The full listing is to be transcribed exactly, with each picture left out.

EXERCISE MATERIALS =
——————————

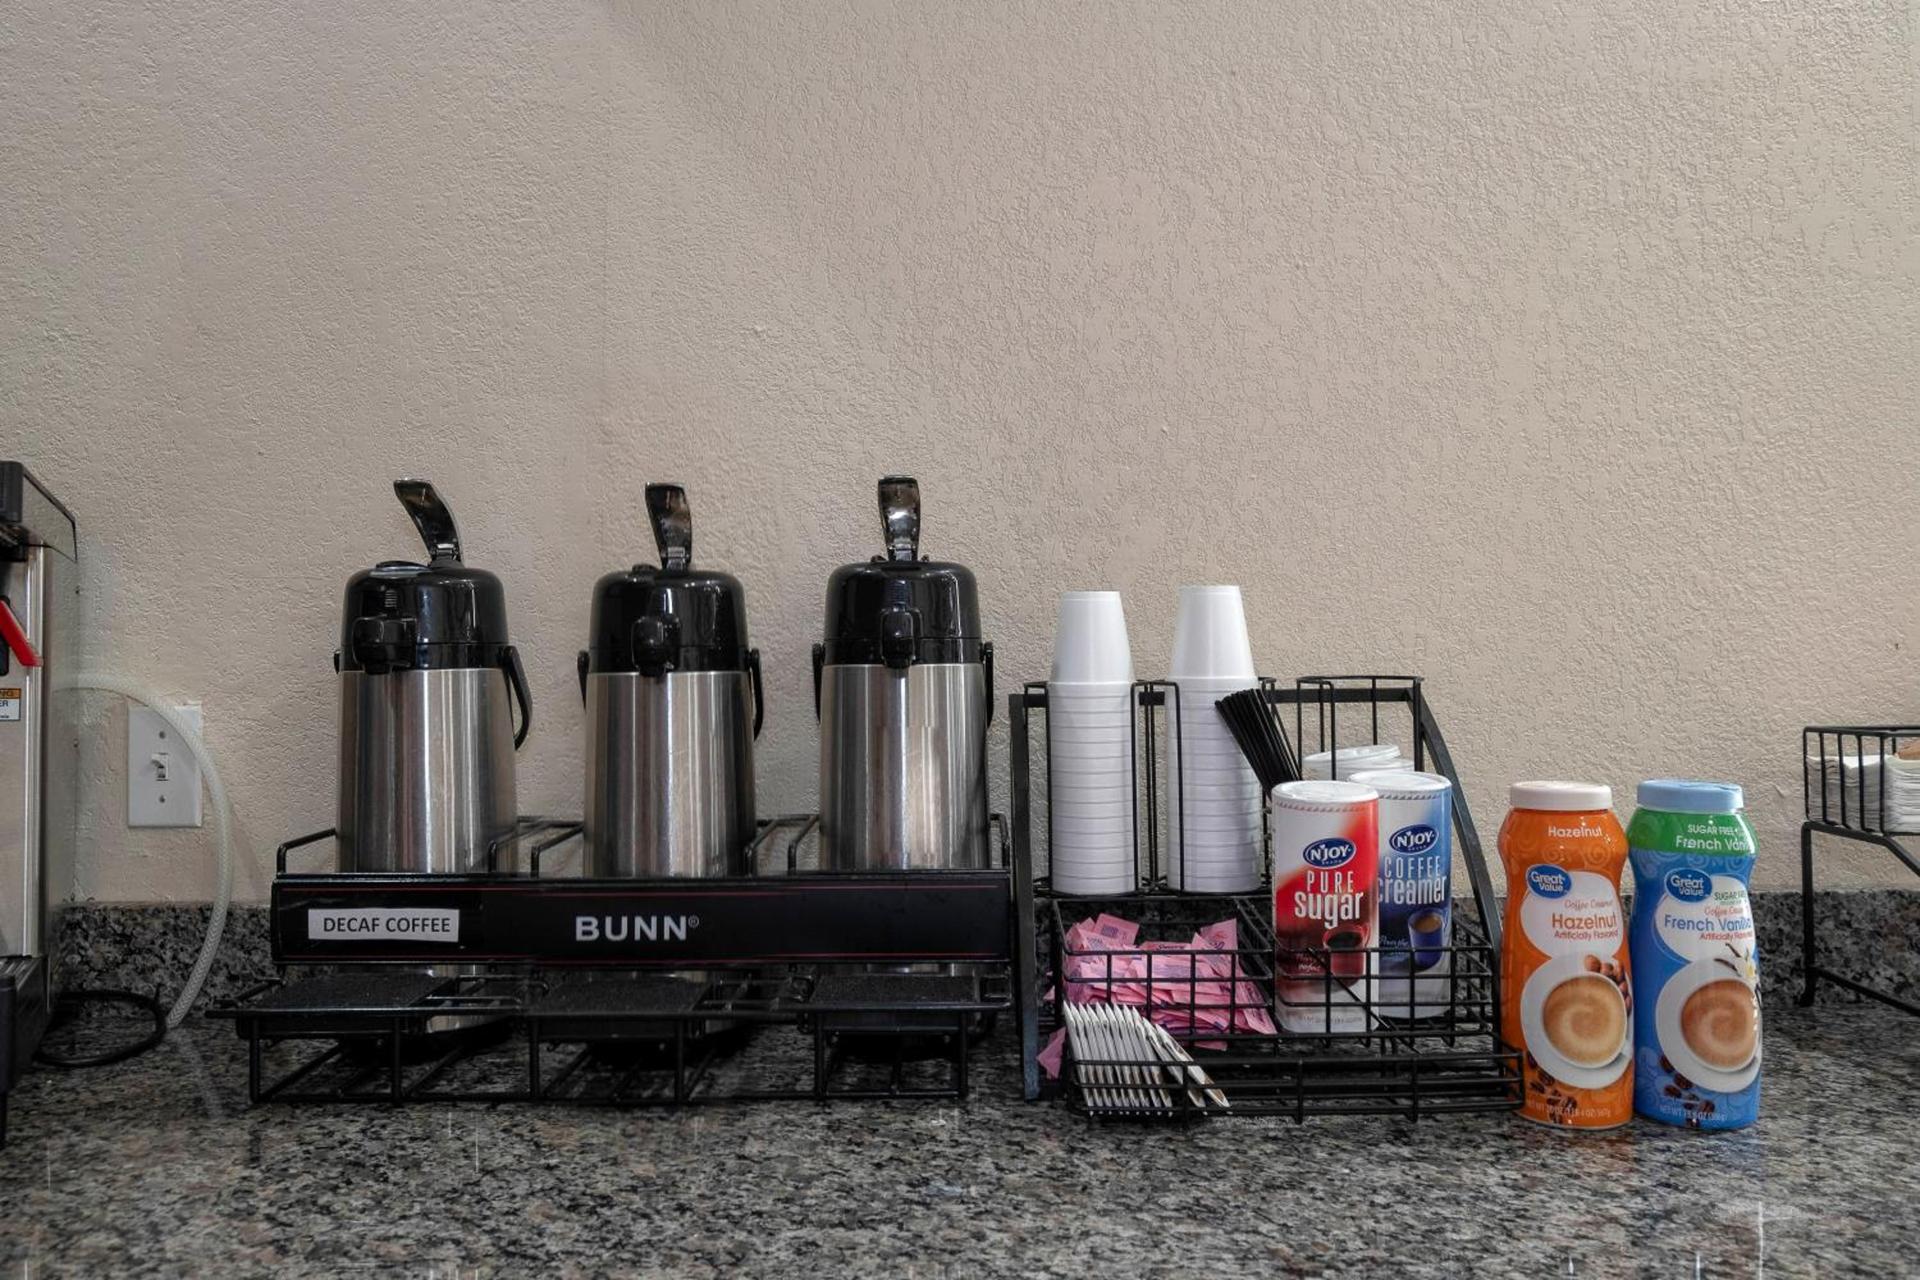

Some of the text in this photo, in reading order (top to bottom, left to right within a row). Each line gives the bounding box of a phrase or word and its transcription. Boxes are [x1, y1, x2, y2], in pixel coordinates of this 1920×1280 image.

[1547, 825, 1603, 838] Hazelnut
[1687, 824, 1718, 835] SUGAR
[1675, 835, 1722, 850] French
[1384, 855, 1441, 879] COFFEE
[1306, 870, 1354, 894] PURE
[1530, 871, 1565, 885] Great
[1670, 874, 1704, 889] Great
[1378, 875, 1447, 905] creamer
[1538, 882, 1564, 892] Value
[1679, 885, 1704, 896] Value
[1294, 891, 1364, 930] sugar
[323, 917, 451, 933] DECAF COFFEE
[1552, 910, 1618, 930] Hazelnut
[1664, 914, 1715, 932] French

——————————

ANSWER FOR THIS EXERCISE =
Some of the text in this photo, in reading order (top to bottom, left to right within a row). Each line gives the bounding box of a phrase or word and its transcription. Boxes are [x1, y1, x2, y2], in pixel coordinates of this 1920×1280 image.

[1547, 825, 1603, 838] Hazelnut
[1687, 824, 1718, 835] SUGAR
[1675, 835, 1722, 850] French
[1384, 855, 1441, 879] COFFEE
[1306, 870, 1354, 894] PURE
[1530, 871, 1565, 885] Great
[1670, 874, 1704, 889] Great
[1378, 875, 1447, 905] creamer
[1538, 882, 1564, 892] Value
[1679, 885, 1704, 896] Value
[1294, 891, 1364, 930] sugar
[323, 917, 451, 933] DECAF COFFEE
[1552, 910, 1618, 930] Hazelnut
[1664, 914, 1715, 932] French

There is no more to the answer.